== TASK PROMPT ==
Skip the pictures. Transcribe the rest of the data below without changing a word.

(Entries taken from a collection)
= Beginning of Section =

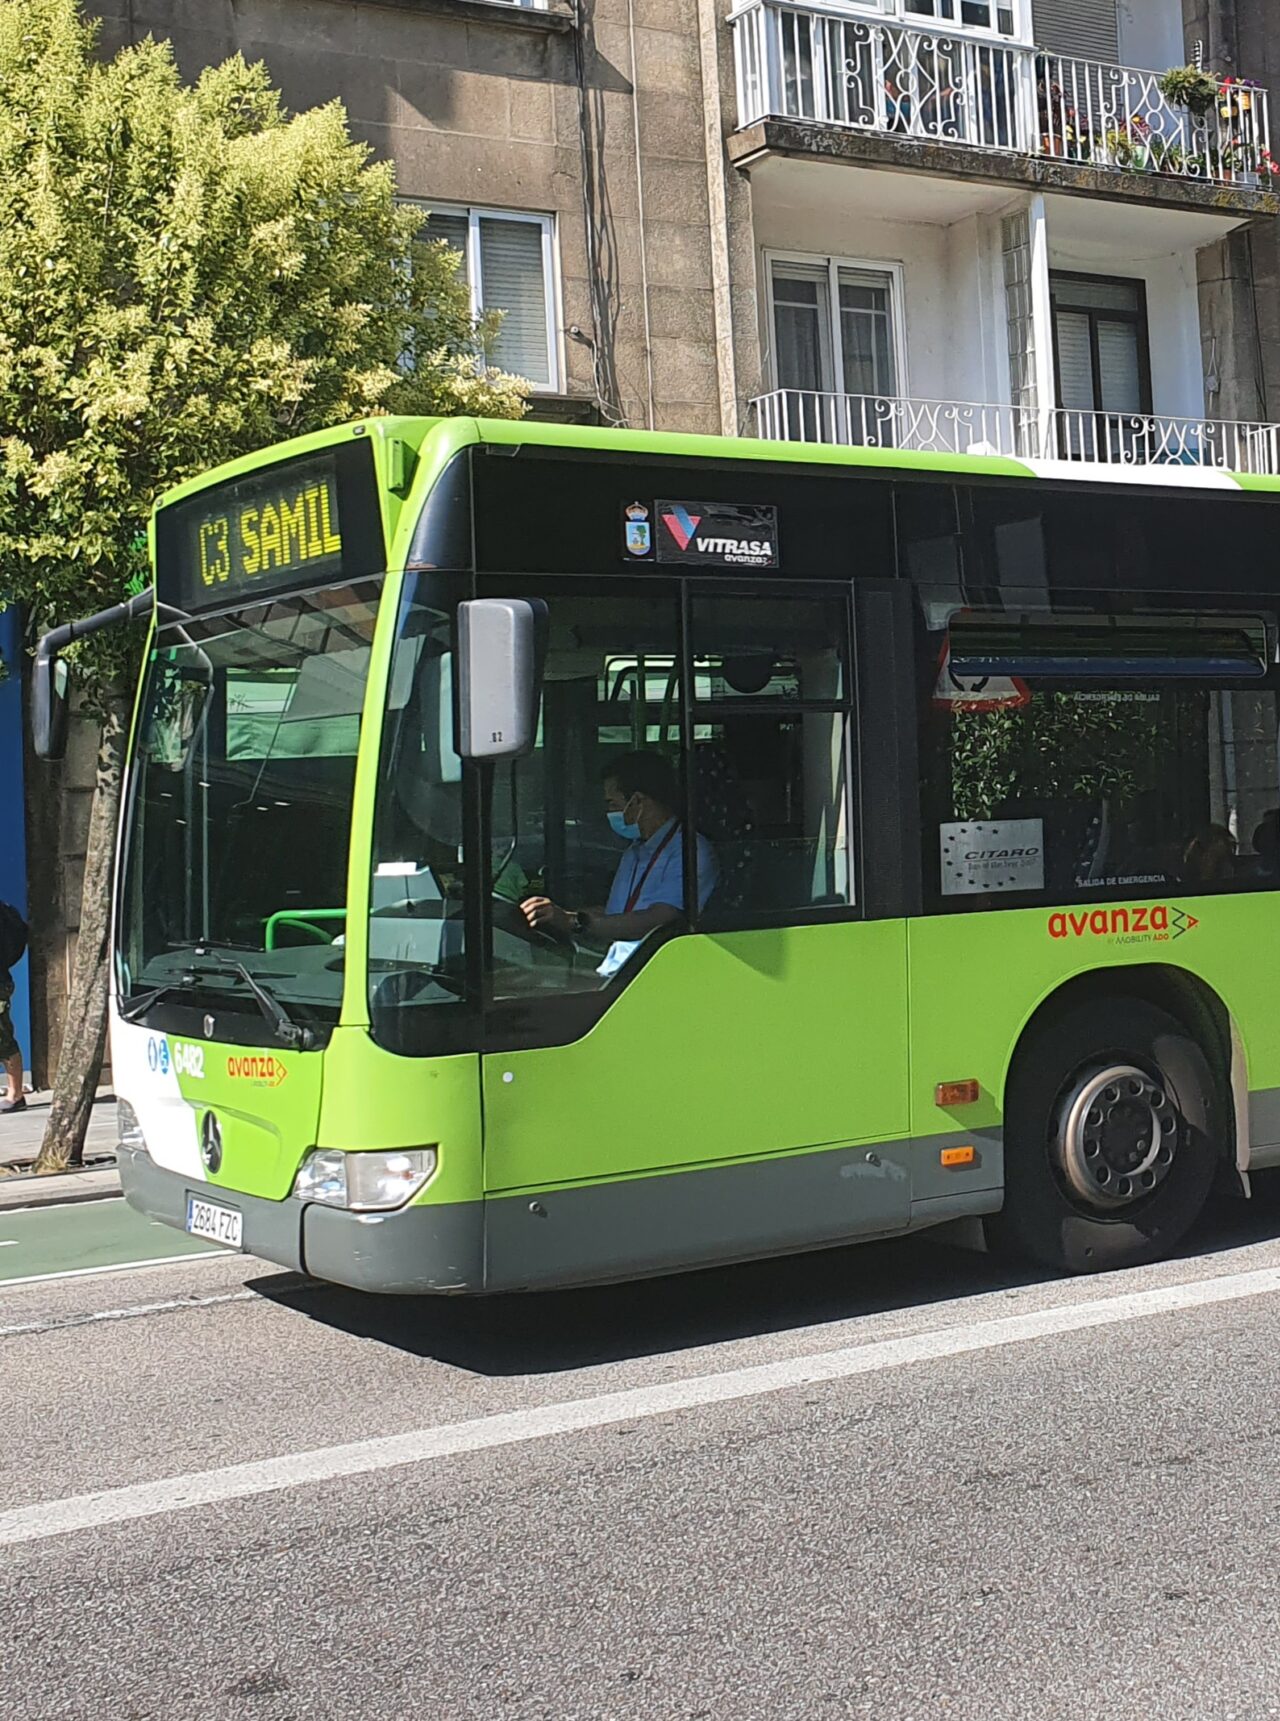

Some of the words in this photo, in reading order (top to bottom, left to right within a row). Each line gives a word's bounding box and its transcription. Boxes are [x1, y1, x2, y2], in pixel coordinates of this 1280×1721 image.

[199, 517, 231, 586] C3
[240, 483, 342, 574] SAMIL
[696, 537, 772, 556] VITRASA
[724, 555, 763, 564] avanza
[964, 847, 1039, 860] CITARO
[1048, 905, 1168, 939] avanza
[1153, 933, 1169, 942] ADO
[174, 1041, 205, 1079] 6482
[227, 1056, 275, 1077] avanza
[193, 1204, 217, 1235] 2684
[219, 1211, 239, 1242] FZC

= End of Section =

== RESULT FOR THIS TASK ==
Some of the words in this photo, in reading order (top to bottom, left to right within a row). Each line gives a word's bounding box and its transcription. Boxes are [x1, y1, x2, y2], in pixel coordinates of this 1280×1721 image.

[199, 517, 231, 586] C3
[240, 483, 342, 574] SAMIL
[696, 537, 772, 556] VITRASA
[724, 555, 763, 564] avanza
[964, 847, 1039, 860] CITARO
[1048, 905, 1168, 939] avanza
[1153, 933, 1169, 942] ADO
[174, 1041, 205, 1079] 6482
[227, 1056, 275, 1077] avanza
[193, 1204, 217, 1235] 2684
[219, 1211, 239, 1242] FZC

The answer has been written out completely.